Our earliest defense efforts on behalf of Mumia included explaining the numerous legal issues in his case, much of which is recounted by Lindorff and Schiffmann. In early 1989, the PDC produced a legal dossier, “The Case of Mumia Abu-Jamal: A Handbook of Constitutional Violations,” detailing the many ways in which the right to a fair trial was violated.

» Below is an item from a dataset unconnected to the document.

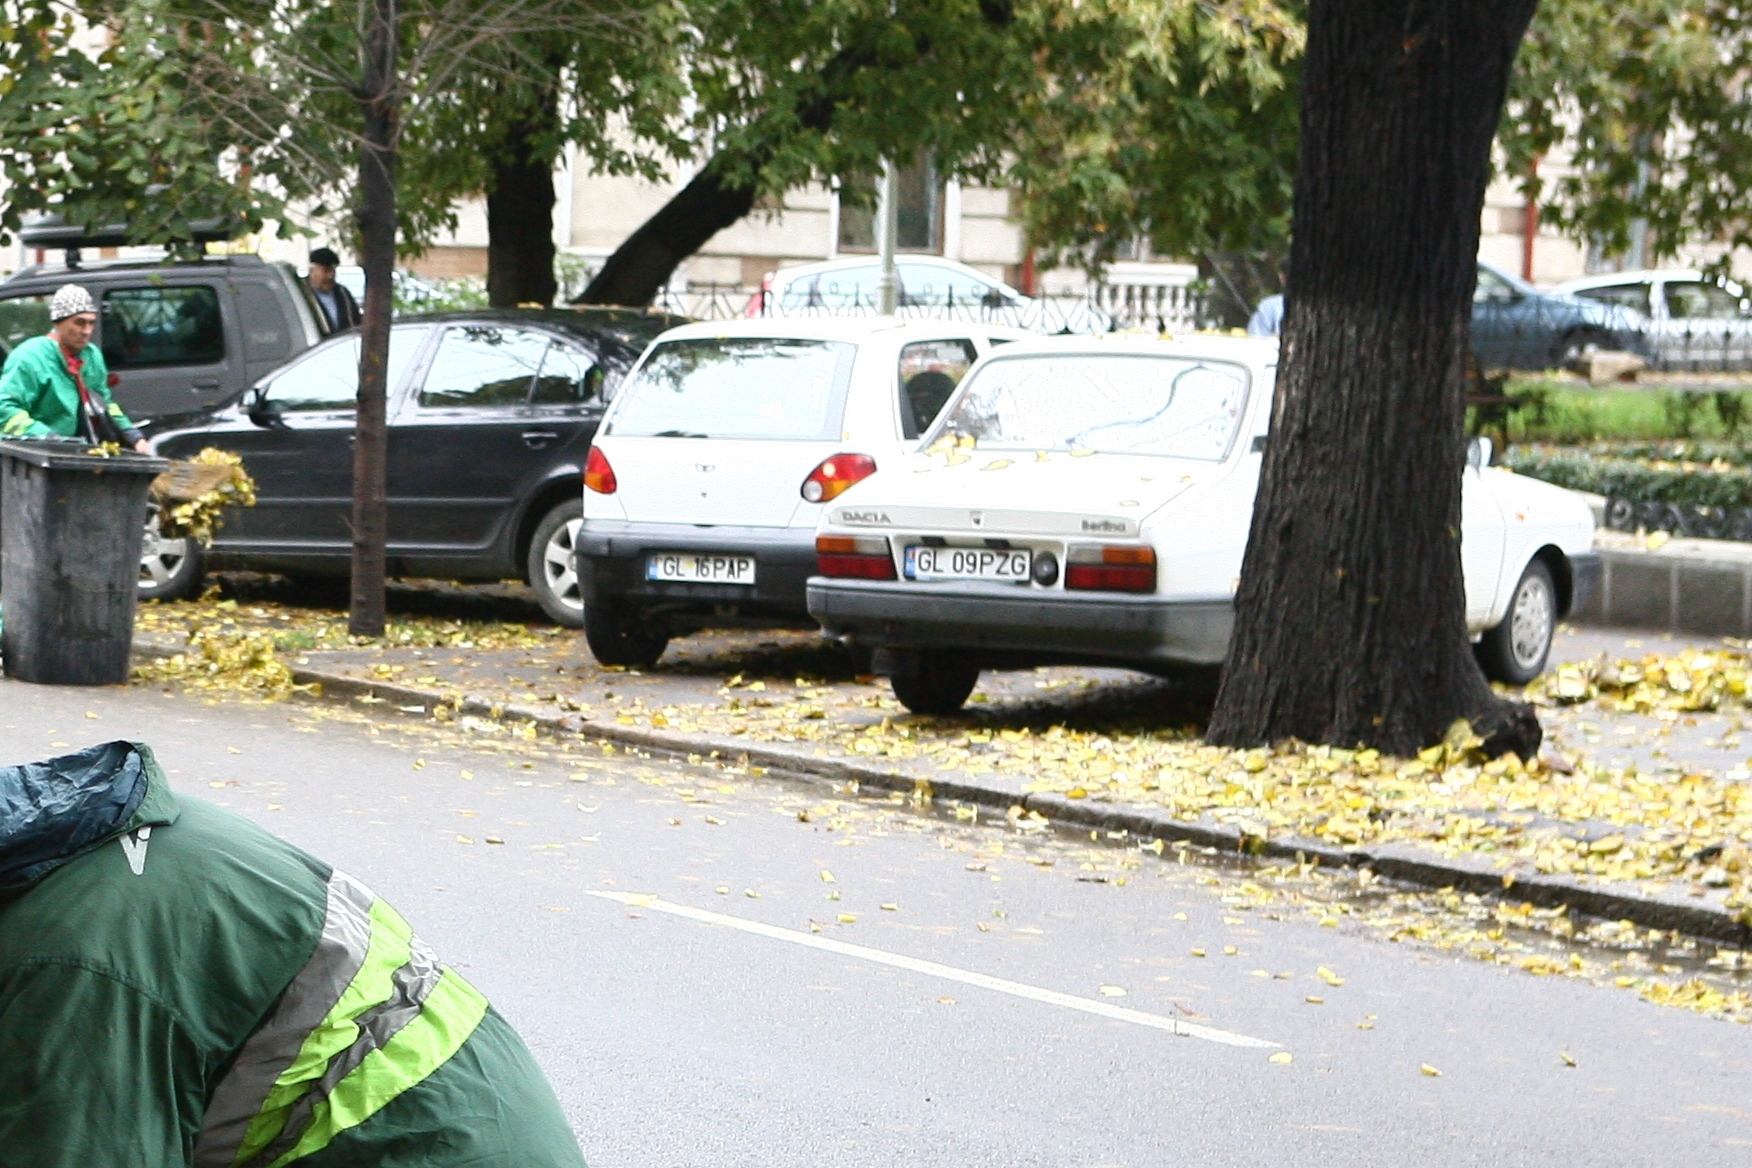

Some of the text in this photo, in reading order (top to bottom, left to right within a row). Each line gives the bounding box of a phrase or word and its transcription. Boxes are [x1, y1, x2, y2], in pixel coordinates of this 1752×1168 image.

It is clear that the courts operate by special “Mumia rules” akin to the frame-up methods used to persecute earlier fighters for black rights, labor militants, communists and others deemed “subversive.” In 1990, the U.S. Supreme Court refused to take up the legality of making Mumia’s membership in the Panthers the basis of his death sentence, a clear violation of the First Amendment right to freedom of speech and association. But the court did take up and overturn the death sentence of a member of the Aryan Brotherhood, a racist prison gang, based on the same legal argument! And every court to which it has been presented has refused to consider the Beverly confession and mountains of supporting evidence.

Faulkner was shot early in the morning of 9 December 1981 on the corner of 13th and Locust Streets in Philadelphia’s Center City red-light district. Mumia was critically wounded, shot through the lungs and into the liver. As Mumia has made clear, the cops beat him at the scene and at first planned to take him to police headquarters to finish him off. At the hospital, they tried again to kill him.

To secure Mumia’s conviction, cops and prosecutors coerced witnesses into providing perjured testimony and terrorized others into not testifying at all. The latter included William Singletary, who had told police immediately after the killing that he saw someone other than Mumia shoot Faulkner. Fearing for his life, Singletary left town during the trial.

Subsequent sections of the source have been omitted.